According to the Washington Free Beacon, unions paid millions of dollars to liberal groups while classifying the expenditures as charitable activities or grants– a side-step of federal labor laws that are supposed to protect workers from funding political causes they don’t want to support.
The many millions that went unreported are just a drop in the bucket compared to the nearly $1.8 billion that was reported by America’s most prominent labor unions.
The NILRR study found that $1.8 billion was classified under the “Political Spending and Lobbying” sections in federal labor filings from 2019 and 2020. The extra $67 million in miscategorized political expenditures was listed in the “Representational Activities” and “Contributions, Gifts, and Grants” sections.
Workers who don’t want to fund particular political causes can pay only partial dues to their union, but that blockage does not apply to representational activities or other potentially misclassified spending.
“The real scandal here is that the hundreds of millions of dollars that unions are spending belongs to teachers and other public servants and should be used to feed their families, not spent to elect liberal politicians who want to increase their taxes,” Aaron Withe, CEO of the Freedom Foundation, told the Washington Free Beacon.

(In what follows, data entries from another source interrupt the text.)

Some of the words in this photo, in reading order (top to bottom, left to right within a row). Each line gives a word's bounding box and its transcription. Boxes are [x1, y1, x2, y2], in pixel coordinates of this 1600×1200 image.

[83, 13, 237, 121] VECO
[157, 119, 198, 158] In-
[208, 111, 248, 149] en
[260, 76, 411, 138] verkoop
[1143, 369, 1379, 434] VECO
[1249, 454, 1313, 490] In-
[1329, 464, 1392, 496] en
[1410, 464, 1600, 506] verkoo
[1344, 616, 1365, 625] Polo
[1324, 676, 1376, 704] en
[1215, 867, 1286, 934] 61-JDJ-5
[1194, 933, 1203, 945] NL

Existing loopholes allow union officials to obscure political spending
Per the study, “LM-2 Schedule 16 activities are often underreported because union officials classify clearly political activities as ‘Schedule 15–Representational Activities’ and ‘Schedule 17–Contributions, Gifts, and Grants.’ Under the Labor-Management Reporting and Disclosure Act of 1959 (LMRDA), neither of these two schedules would be [the right one] if the expenditure satisfies the Schedule 16 definition. The combined Schedule 15 & 17 disbursements to payees for the 2019-20 reporting period was $6,295,191,497.”

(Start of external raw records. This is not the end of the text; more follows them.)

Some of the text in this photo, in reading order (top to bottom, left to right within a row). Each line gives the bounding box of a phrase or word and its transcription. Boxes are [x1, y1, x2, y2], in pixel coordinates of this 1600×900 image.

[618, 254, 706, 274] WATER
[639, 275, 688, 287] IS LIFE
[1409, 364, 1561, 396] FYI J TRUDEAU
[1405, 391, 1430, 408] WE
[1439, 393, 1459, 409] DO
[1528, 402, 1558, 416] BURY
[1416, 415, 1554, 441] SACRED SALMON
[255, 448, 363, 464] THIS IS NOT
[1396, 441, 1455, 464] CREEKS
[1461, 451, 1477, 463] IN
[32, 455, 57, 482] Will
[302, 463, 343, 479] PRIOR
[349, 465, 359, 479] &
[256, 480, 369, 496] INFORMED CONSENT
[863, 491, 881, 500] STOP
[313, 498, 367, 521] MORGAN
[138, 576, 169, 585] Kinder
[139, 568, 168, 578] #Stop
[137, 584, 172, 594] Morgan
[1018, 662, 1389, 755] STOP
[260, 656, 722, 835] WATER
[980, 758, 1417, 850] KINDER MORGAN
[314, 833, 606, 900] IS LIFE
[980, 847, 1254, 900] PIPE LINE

Clearly, there is the potential for a massive discrepancy or hiding of funds under Schedules 15 and 17 instead of 16, as the two combined total roughly $6.3 billion.

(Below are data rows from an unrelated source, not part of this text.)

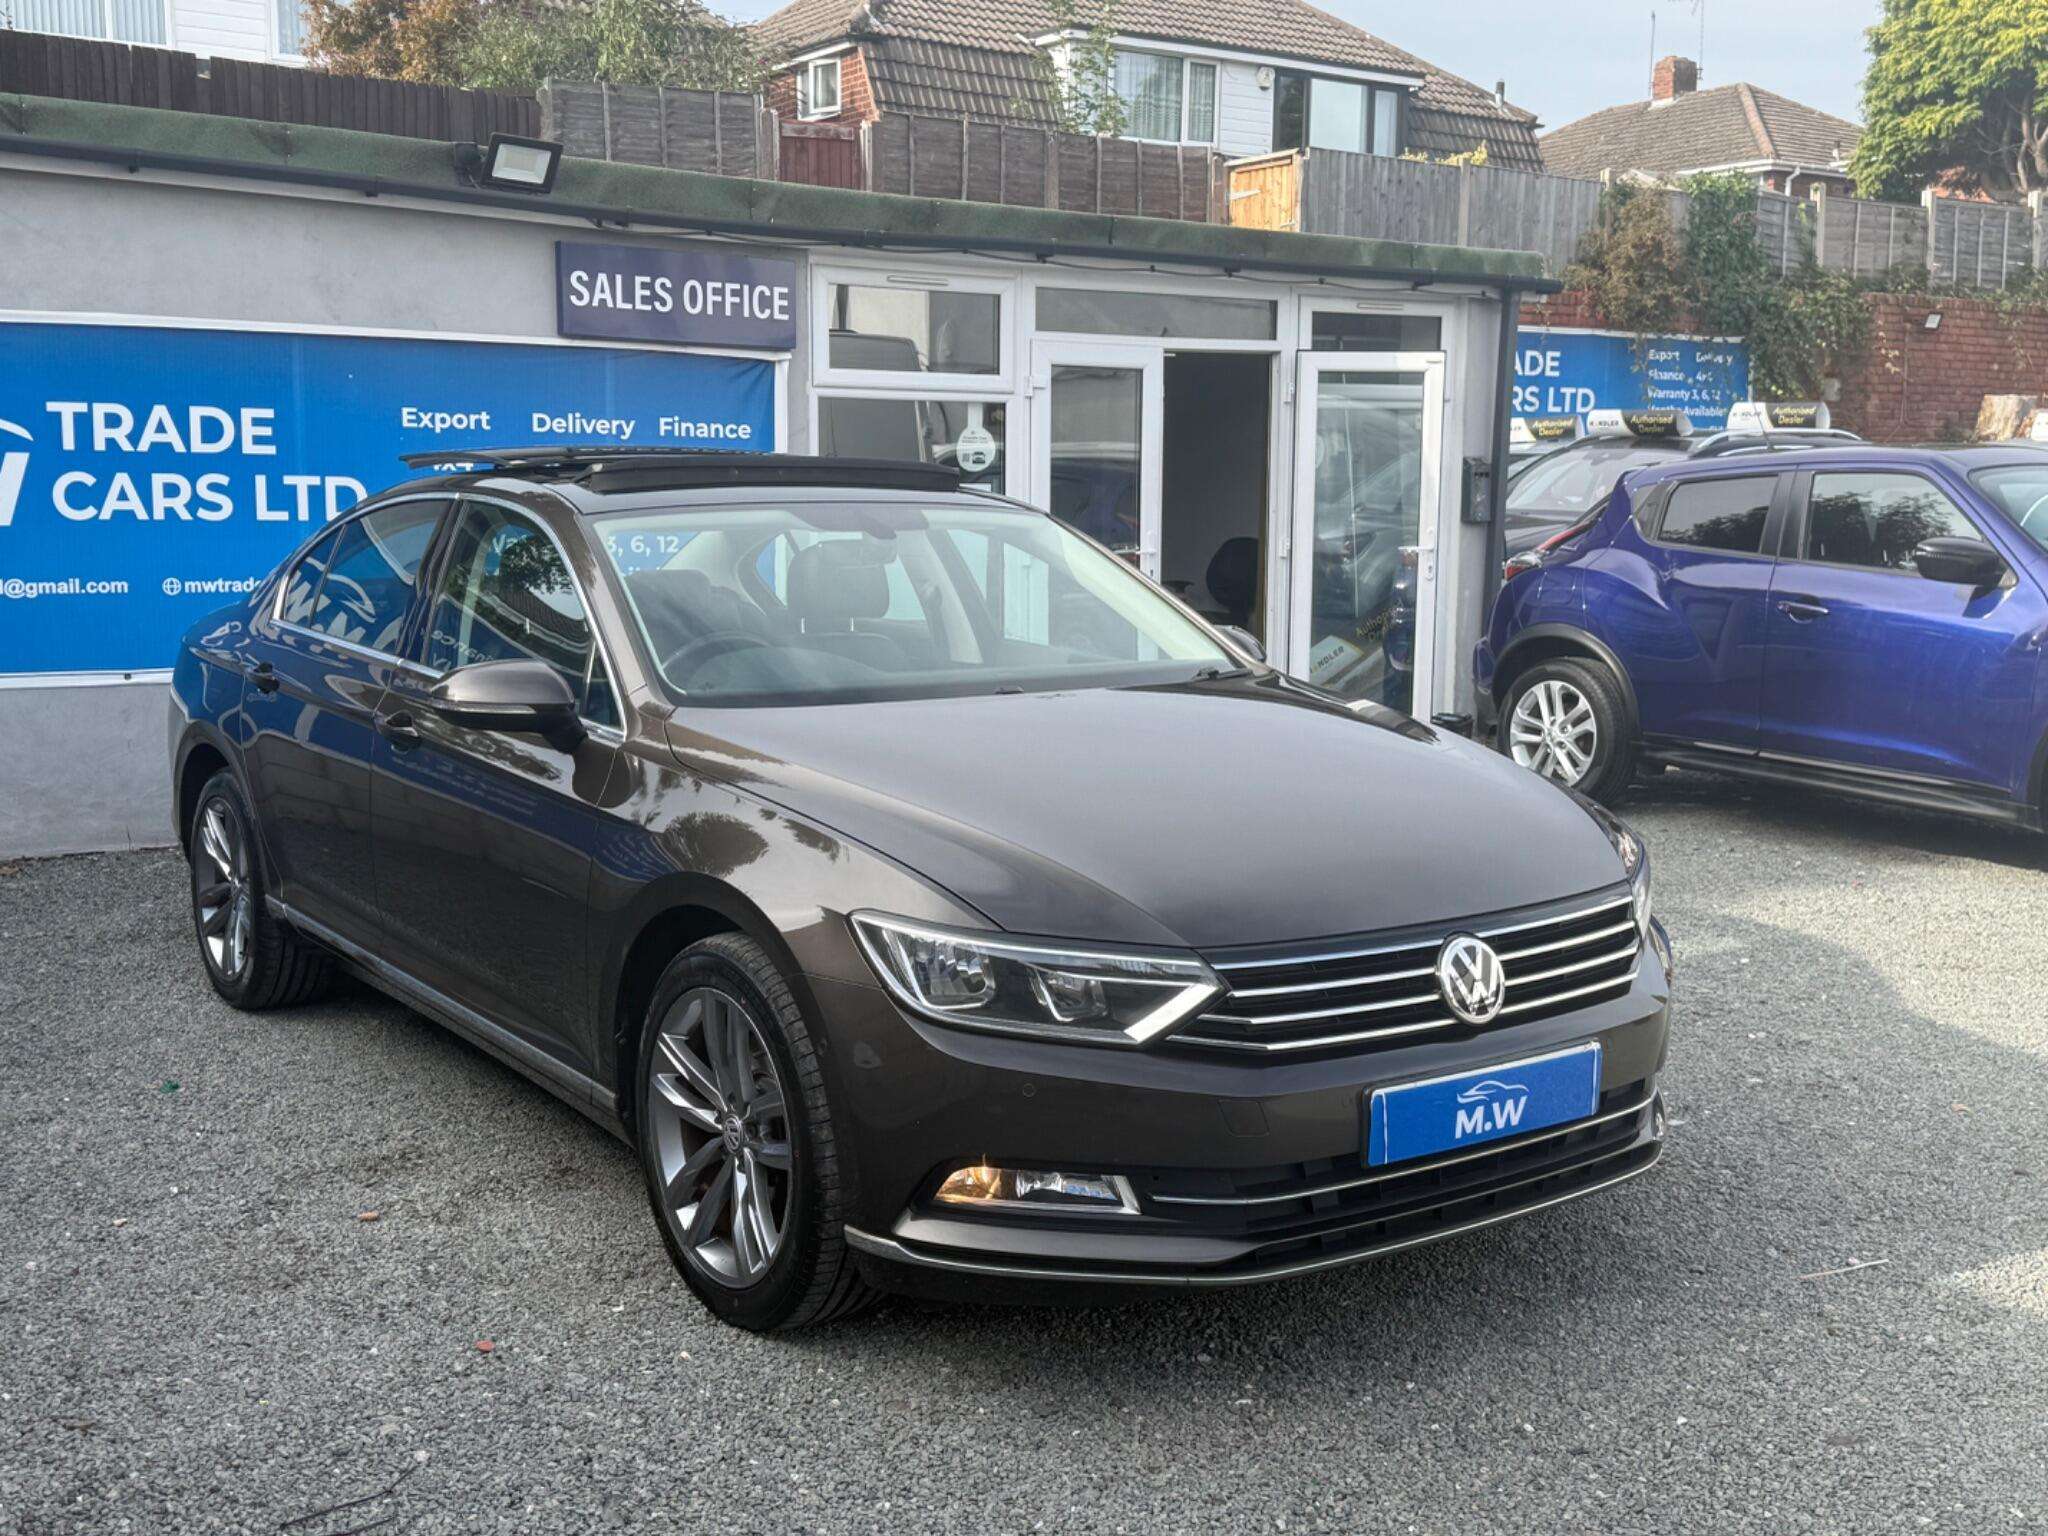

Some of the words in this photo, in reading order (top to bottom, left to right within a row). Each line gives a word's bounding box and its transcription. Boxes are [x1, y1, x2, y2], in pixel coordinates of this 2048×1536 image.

[569, 270, 673, 313] SALES
[683, 279, 790, 321] OFFICE
[1648, 349, 1680, 362] Export
[1547, 386, 1595, 413] LTD
[45, 401, 277, 455] TRADE
[401, 407, 491, 434] Export
[531, 412, 635, 439] Delivery
[658, 416, 752, 439] Finance
[52, 471, 234, 521] CARS
[254, 474, 369, 521] LTD
[630, 535, 651, 557] 6,
[656, 535, 679, 553] 12
[1455, 1095, 1528, 1139] M.W

The NILRR report also notes another loophole for unions. Some are not required to file LM-2 reports due to a lack of spending and instead file alternative reports that do not include listings for political spending. Large unions can then give money to smaller unions that are not required to report it, allowing for millions in additional political spending to go untraced. The hidden funds from labor unions revealed by the NILRR is just the tip of the iceberg in terms of so-called “dark money” in politics, though.
According to OpenSecrets, a nonprofit organization that tracks the flow of money in U.S. politics, “dark money” spending topped $1 billion in the 2020 election at the federal level. The last election was historically expensive and reached new levels of unreported political spending over the campaign season.
The above graphic displays the differences in quantities of “dark money” donations that benefited our two major political parties in 2020, per OpenSecrets. It also shows what portion of each was reported and what was not, revealing the major gap between the two.